What to produce: Your copy should repeat the data that follows exactly and contain no image.

(Input material)

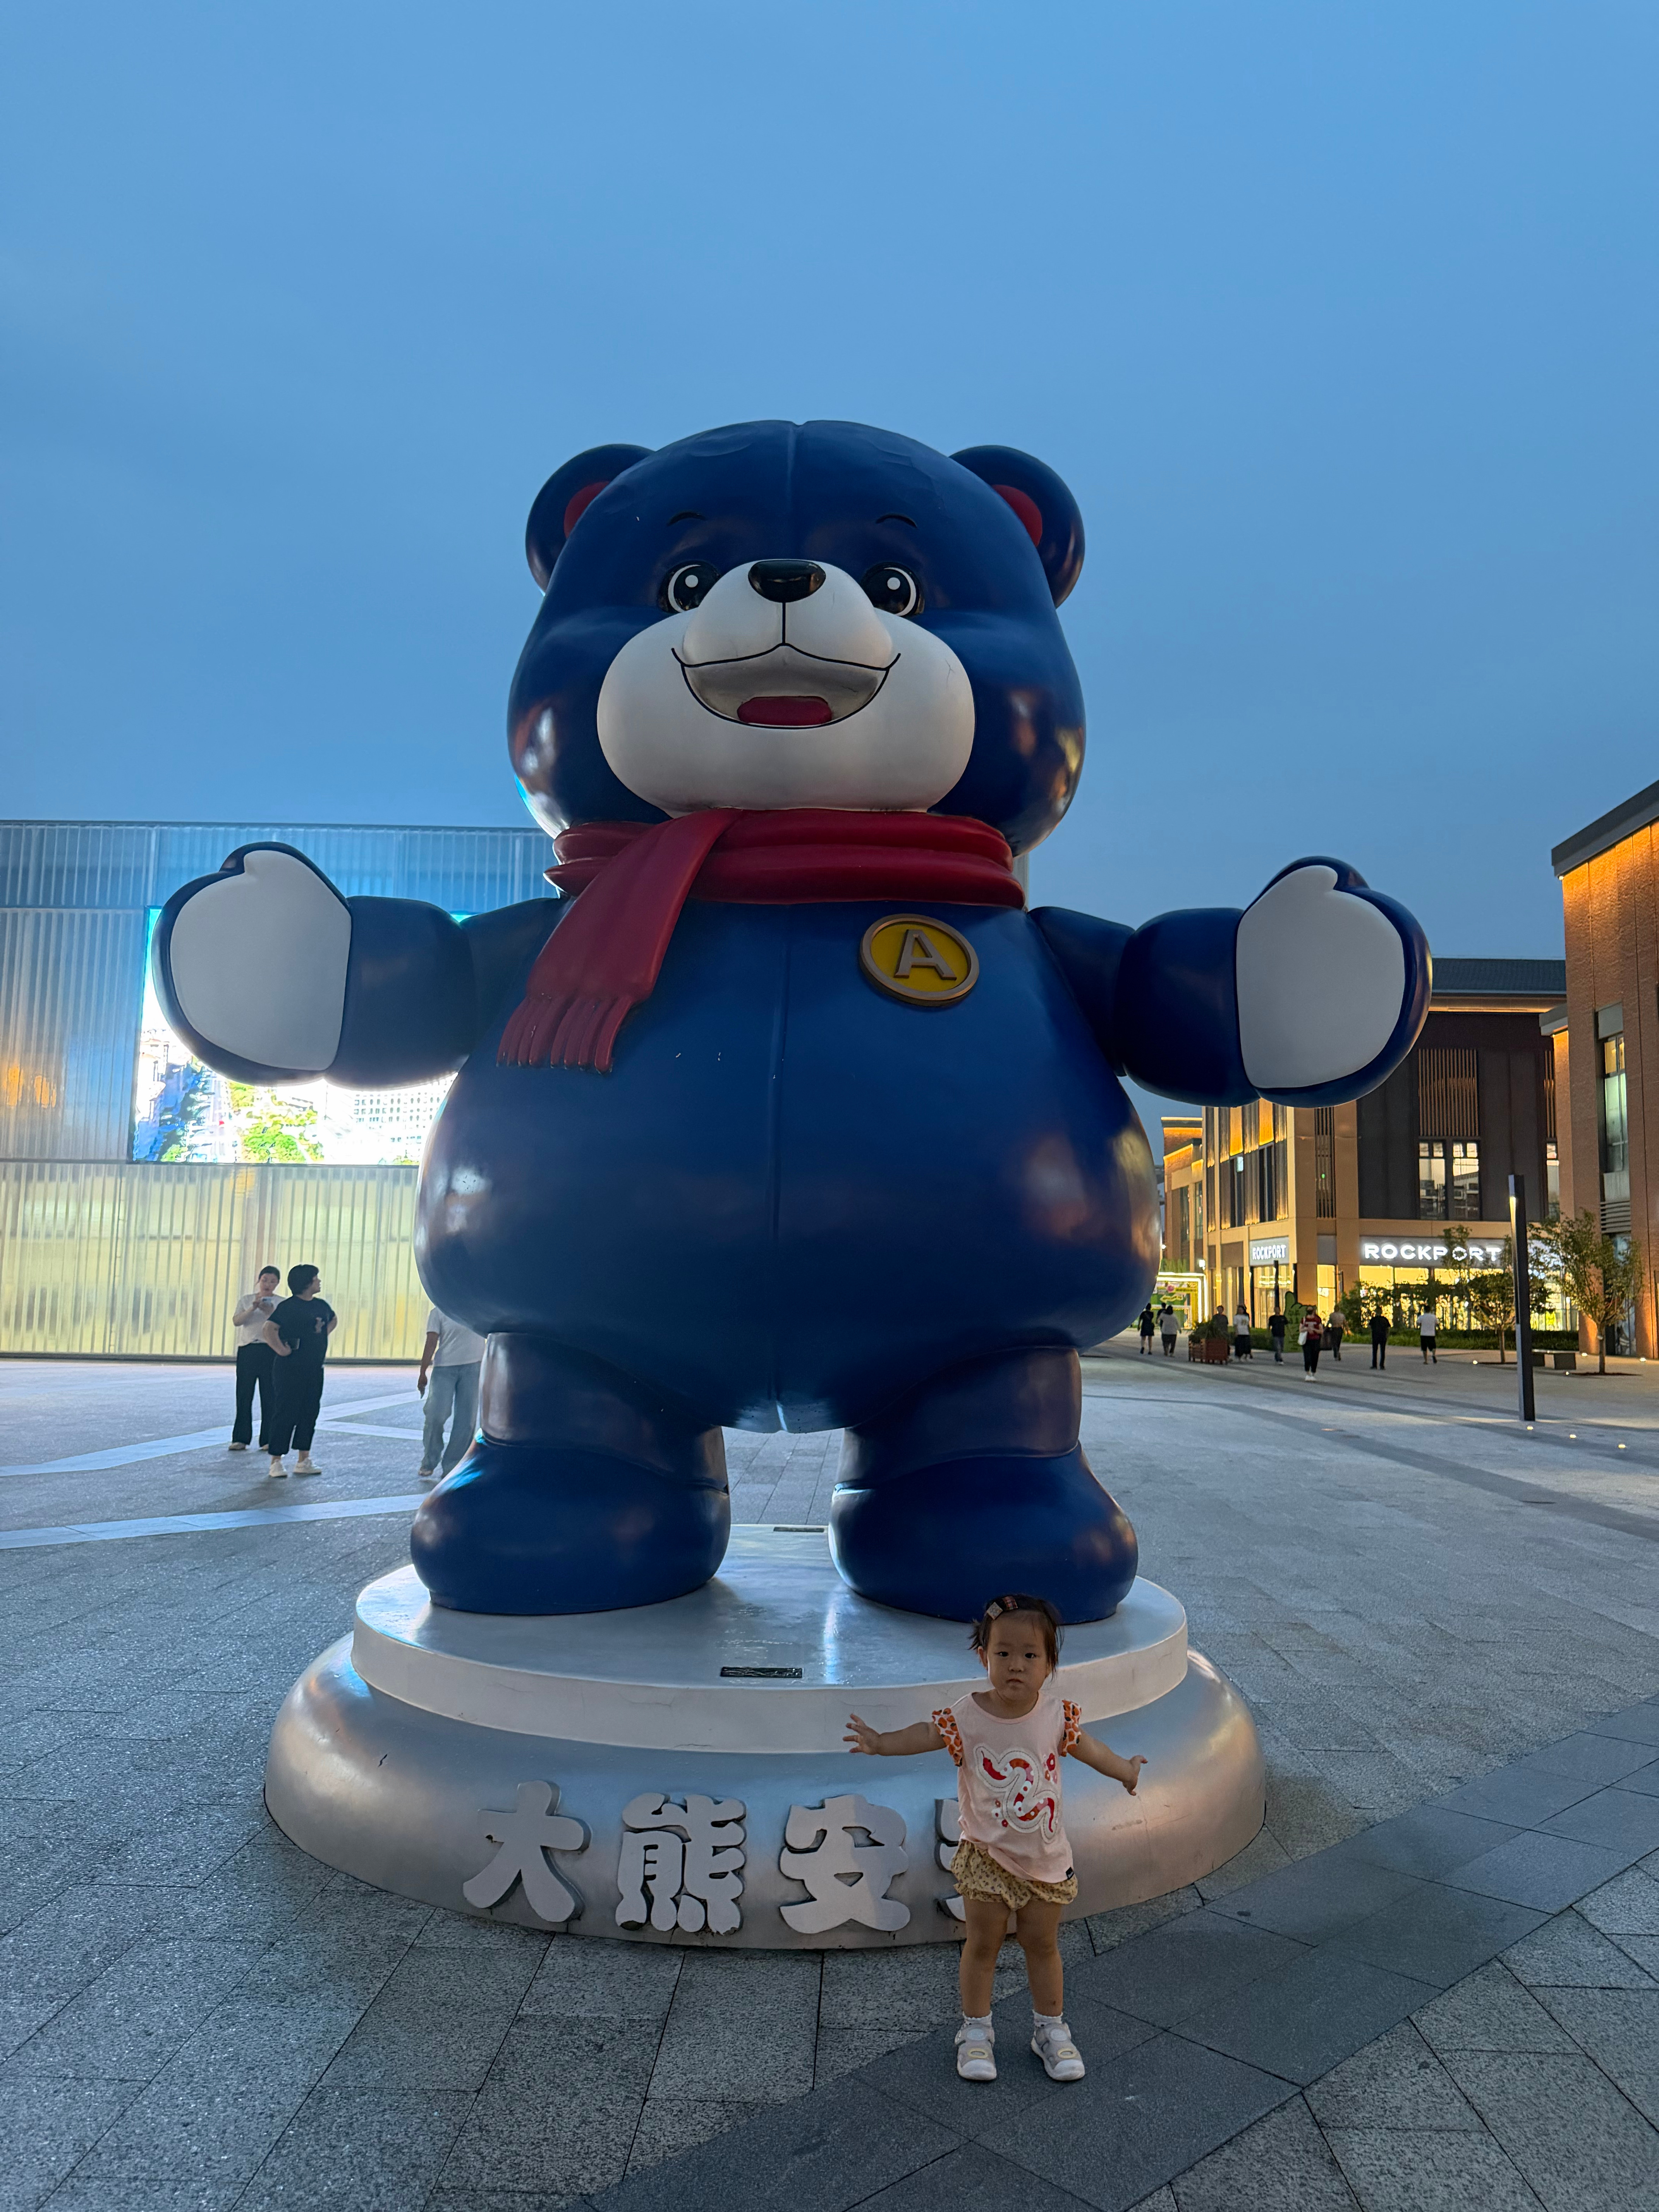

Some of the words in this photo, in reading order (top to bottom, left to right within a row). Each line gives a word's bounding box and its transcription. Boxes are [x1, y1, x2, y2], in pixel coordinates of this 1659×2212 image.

[894, 929, 957, 981] A
[1252, 1244, 1286, 1260] ROCKPORT
[1364, 1244, 1502, 1261] ROCKPORT
[463, 1780, 966, 1935] 大熊安
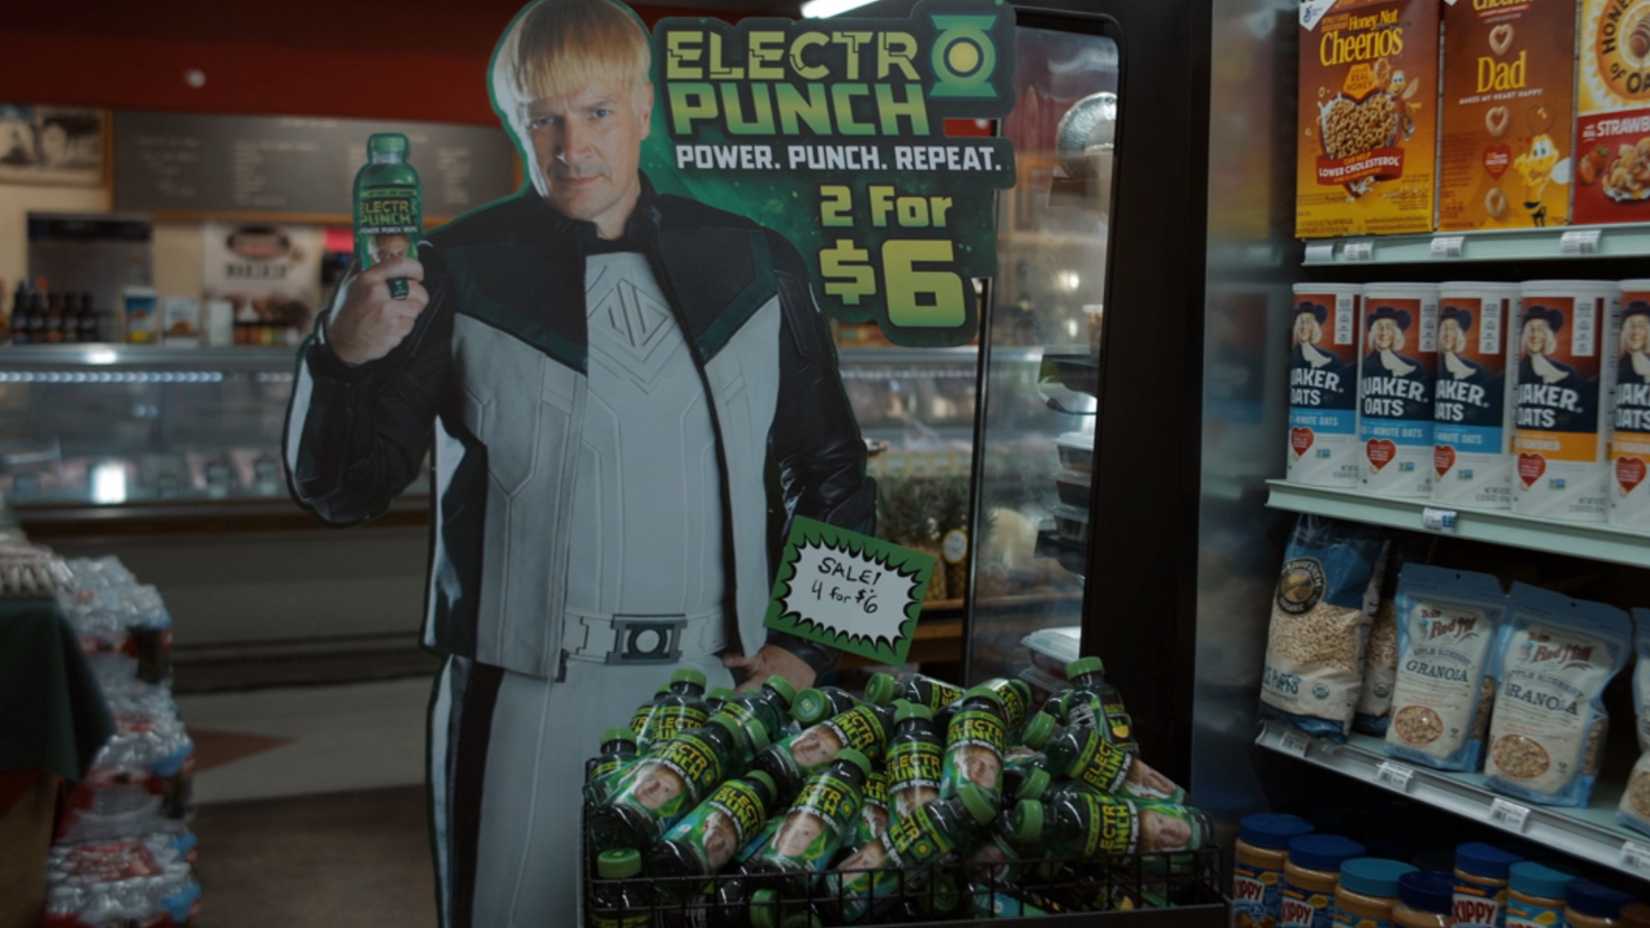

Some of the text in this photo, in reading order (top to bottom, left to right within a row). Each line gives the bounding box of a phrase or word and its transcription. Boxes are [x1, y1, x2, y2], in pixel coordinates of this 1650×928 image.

[1320, 28, 1403, 66] Cheerios
[1476, 49, 1527, 93] Dad
[667, 81, 931, 135] PUNCH
[675, 144, 1002, 171] POWER. PUNCH. REPEAT.
[820, 185, 953, 227] 2 For
[819, 239, 966, 327] $6
[1364, 398, 1404, 417] OATS
[818, 557, 882, 585] SALE!
[811, 580, 823, 601] 4
[829, 586, 852, 604] for
[1406, 660, 1469, 682] GRANOLA
[1455, 900, 1496, 924] KIPPY

(End Input material)

Solution for this problem:
Some of the words in this photo, in reading order (top to bottom, left to right within a row). Each line gives a word's bounding box and its transcription. Boxes are [x1, y1, x2, y2], in pixel coordinates of this 1659×2212 image.

[894, 929, 957, 981] A
[1252, 1244, 1286, 1260] ROCKPORT
[1364, 1244, 1502, 1261] ROCKPORT
[463, 1780, 966, 1935] 大熊安

Some of the text in this photo, in reading order (top to bottom, left to right within a row). Each line gives the bounding box of a phrase or word and its transcription. Boxes are [x1, y1, x2, y2], in pixel coordinates of this 1650×928 image.

[1320, 28, 1403, 66] Cheerios
[1476, 49, 1527, 93] Dad
[667, 81, 931, 135] PUNCH
[675, 144, 1002, 171] POWER. PUNCH. REPEAT.
[820, 185, 953, 227] 2 For
[819, 239, 966, 327] $6
[1364, 398, 1404, 417] OATS
[818, 557, 882, 585] SALE!
[811, 580, 823, 601] 4
[829, 586, 852, 604] for
[1406, 660, 1469, 682] GRANOLA
[1455, 900, 1496, 924] KIPPY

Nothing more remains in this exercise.